Un climat hostile au transport aérien
Premier constat dressé par le président de l’UAF : 2019 est une année de rupture avec l’installation, en France notamment, d’un climat et d’un discours hostiles au transport aérien. Le projet français d’écotaxe sur les billets d’avion inquiète tout particulièrement les gestionnaires d’aéroports, comme l’explique Thomas Juin :
Nous ne sommes pas opposés par principe à la fiscalité écologique à la double condition qu’elle ne vienne pas peser sur le seul transport aérien français et qu’elle contribue par ses recettes à la transition écologique du secteur. Les aéroports français ont accueilli l’an dernier plus de 206 millions de passagers. Le transport aérien s’est véritablement démocratisé et répond à une demande sociétale. Il offre une mobilité nouvelle et inédite à nos concitoyens en région. La réponse à ce besoin de connectivité des régions n’est pas dans l’instauration d’une nouvelle taxe mais dans la mise en œuvre d’une véritable stratégie de développement durable pour notre secteur. Notre transition énergétique va nécessiter des investissements conséquents. La mise en place de l’écotaxe est incohérente avec les mesures européennes et internationales, et ses recettes ne serviront pas à la transition énergétique du transport aérien. L’écotaxe risque au contraire de réduire les marges de manœuvre du secteur pour s’engager plus avant dans sa transition énergétique.

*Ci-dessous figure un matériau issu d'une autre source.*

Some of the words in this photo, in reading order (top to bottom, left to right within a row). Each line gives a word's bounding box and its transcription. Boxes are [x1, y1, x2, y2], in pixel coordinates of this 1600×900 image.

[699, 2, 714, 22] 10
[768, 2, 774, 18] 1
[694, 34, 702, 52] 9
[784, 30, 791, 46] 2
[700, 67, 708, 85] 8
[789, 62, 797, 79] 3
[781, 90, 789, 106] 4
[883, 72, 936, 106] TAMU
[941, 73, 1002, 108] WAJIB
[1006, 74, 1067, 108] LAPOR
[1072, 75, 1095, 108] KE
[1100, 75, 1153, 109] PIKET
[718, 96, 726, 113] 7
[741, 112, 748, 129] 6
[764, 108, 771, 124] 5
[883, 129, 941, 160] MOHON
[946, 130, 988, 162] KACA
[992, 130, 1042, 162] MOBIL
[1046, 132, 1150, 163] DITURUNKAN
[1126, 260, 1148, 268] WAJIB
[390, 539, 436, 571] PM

L’écotaxe sur les billets d’avion : un contresens
Pour Thomas Juin, l’écotaxe est donc « un contresens et une occasion manquée ». L’Etat doit plutôt mettre en place des mécanismes incitant notamment au développement d’une filière de carburants durables pour l’aviation et stimulant la recherche et l’innovation dans le domaine aéronautique.

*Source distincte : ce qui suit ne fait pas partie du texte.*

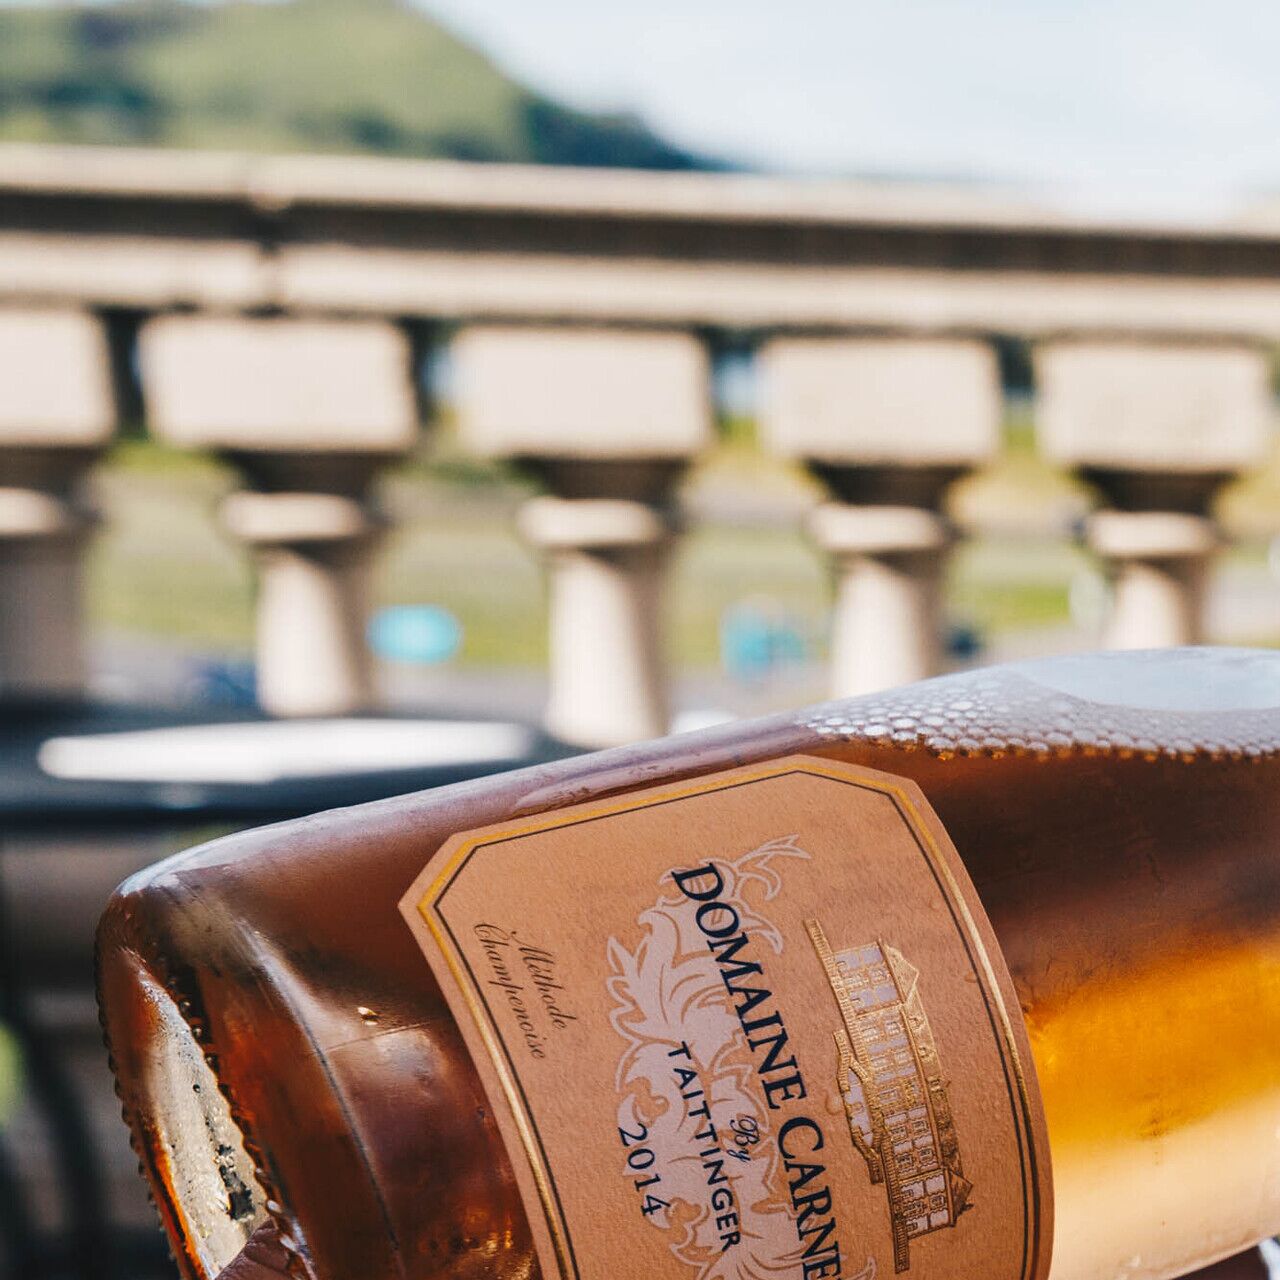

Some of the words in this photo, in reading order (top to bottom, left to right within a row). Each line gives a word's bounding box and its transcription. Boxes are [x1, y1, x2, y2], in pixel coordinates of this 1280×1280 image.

[473, 923, 547, 1060] Champenoise
[671, 862, 806, 1111] DOMAINE
[618, 1121, 671, 1217] 2014
[668, 1040, 741, 1253] TAITTINGER
[727, 1114, 761, 1163] By

La France est l’un des rares pays au monde qui compte en son sein tous les acteurs du transport aérien et de la filière aéronautique. C’est une force qui nous oblige et sur laquelle il faut compter pour initier les ruptures technologiques de demain. Nous avons la conviction que la France est en capacité d’impulser une dynamique mondiale pour une transition écologique du secteur. C’est le sens du rapprochement inédit de tous les acteurs de la filière (constructeurs aéronautiques, compagnies aériennes, aéroports) pour mettre en œuvre une véritable stratégie nationale en matière de transition écologique du transport aérien et permettre une croissance durable du secteur qui soit appuyée valorisée et accompagnée par les pouvoirs publics.
La compétitivité des aéroports en question
Les taxes sur le transport aérien ont aussi un impact sur la compétitivité des aéroports français et donc sur l’attractivité de notre pays :
Nos aéroports sont chaque année en compétition pour rechercher de nouvelles ouvertures de lignes. Leur attractivité conditionne la connectivité aérienne des territoires.

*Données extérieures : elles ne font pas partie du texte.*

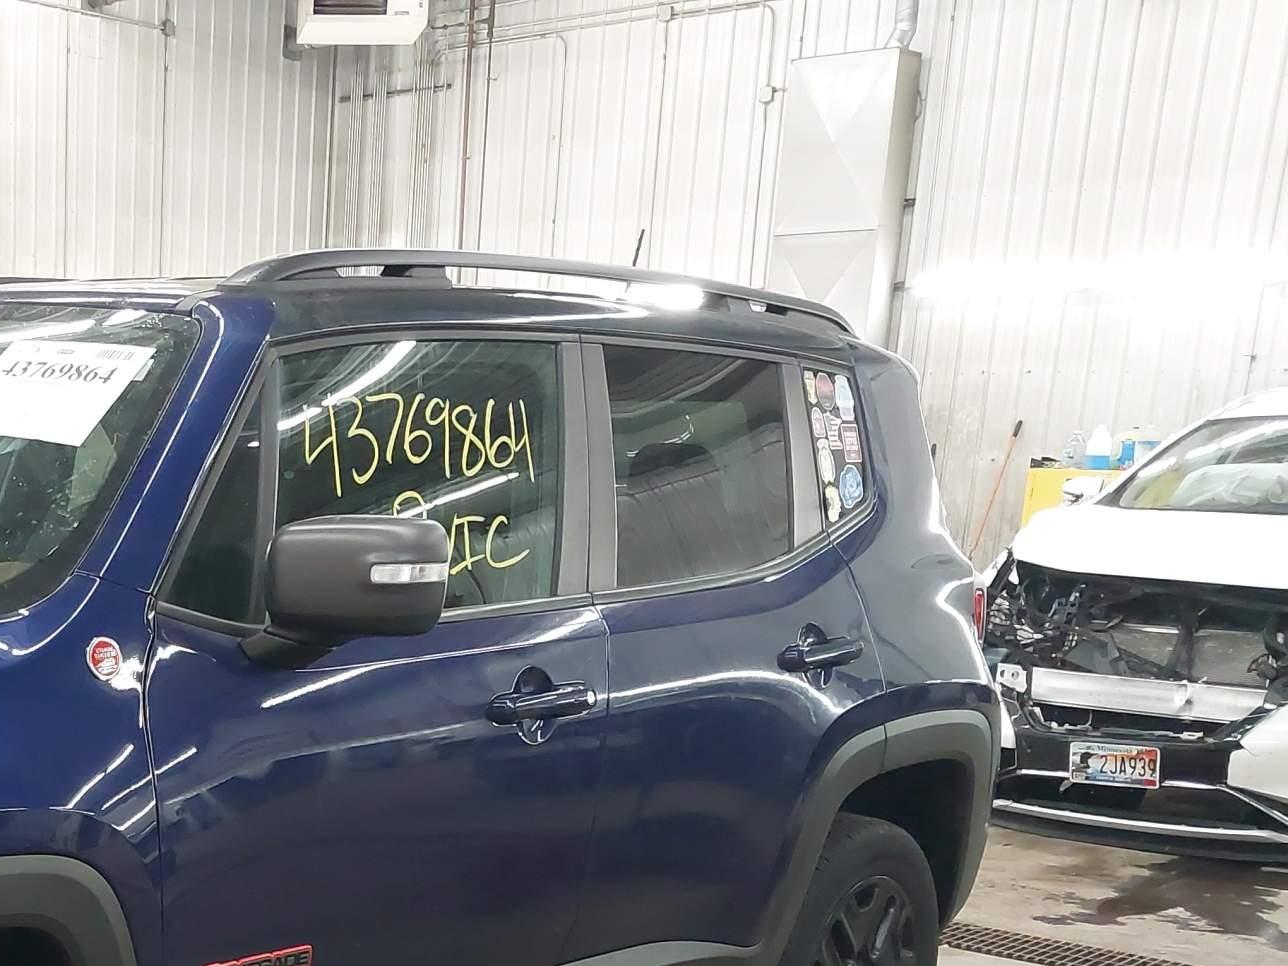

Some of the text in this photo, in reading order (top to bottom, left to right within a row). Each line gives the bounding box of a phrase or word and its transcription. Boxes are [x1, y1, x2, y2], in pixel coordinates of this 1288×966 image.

[2, 359, 119, 384] 43769864
[302, 392, 535, 498] 43769864
[1100, 755, 1157, 778] 2JA939

Paradoxe, la France, qui est pourtant le premier pays touristique au monde n’est, selon l’indice de connectivité de l’ACI Europe, qu’en 4ème position en Europe derrière le Royaume-Uni, l’Allemagne et l’Espagne. La comparaison avec l’Espagne est instructive. Entre 2014 et 2018, la connectivité de l’Espagne a progressé de 32 % contre 12 % seulement pour la France. Conséquence en termes de trafic passagers : sur la même période, l’augmentation a été de 35 % pour l’Espagne contre seulement 18 % pour la France. Chez nous, la fiscalité sur les vols court-courriers en classe éco (là où la concurrence est la plus vive) va de 13 à 21 € selon les catégories d’aéroport, contre 15 € en Allemagne, 14 € au Royaume-Uni, 7 € en Italie, 4 € en Espagne, 3 € au Portugal.
Les taxes à la française face aux enjeux mondiaux
Le transport aérien va continuer à croître au niveau mondial, et même très fortement dans les régions Asie-Pacifique et Afrique. Raison de plus pour inventer, en France, le transport aérien de demain.
La Chine devrait représenter en 2030 la moitié de la croissance touristique mondiale. 400 millions de Chinois devraient voyager pour 150 millions aujourd’hui. Quel sens, quelle efficacité de nouvelles taxes à la française face à ces enjeux mondiaux ? Peut-on penser que l’Asie et l’Afrique renonceront au développement d’un trafic aérien ? En France même, la demande des régions d’être mieux reliées à l’international répond à une vraie demande sociétale. La solution réside donc bien dans l’invention d’un transport aérien durable. Nous croyons en la capacité d’innovation de la filière aéronautique et du transport aérien français. La pression sociétale sera salutaire si elle nous conduit, avec l’appui des pouvoirs publics, à accélérer la transition écologique du secteur.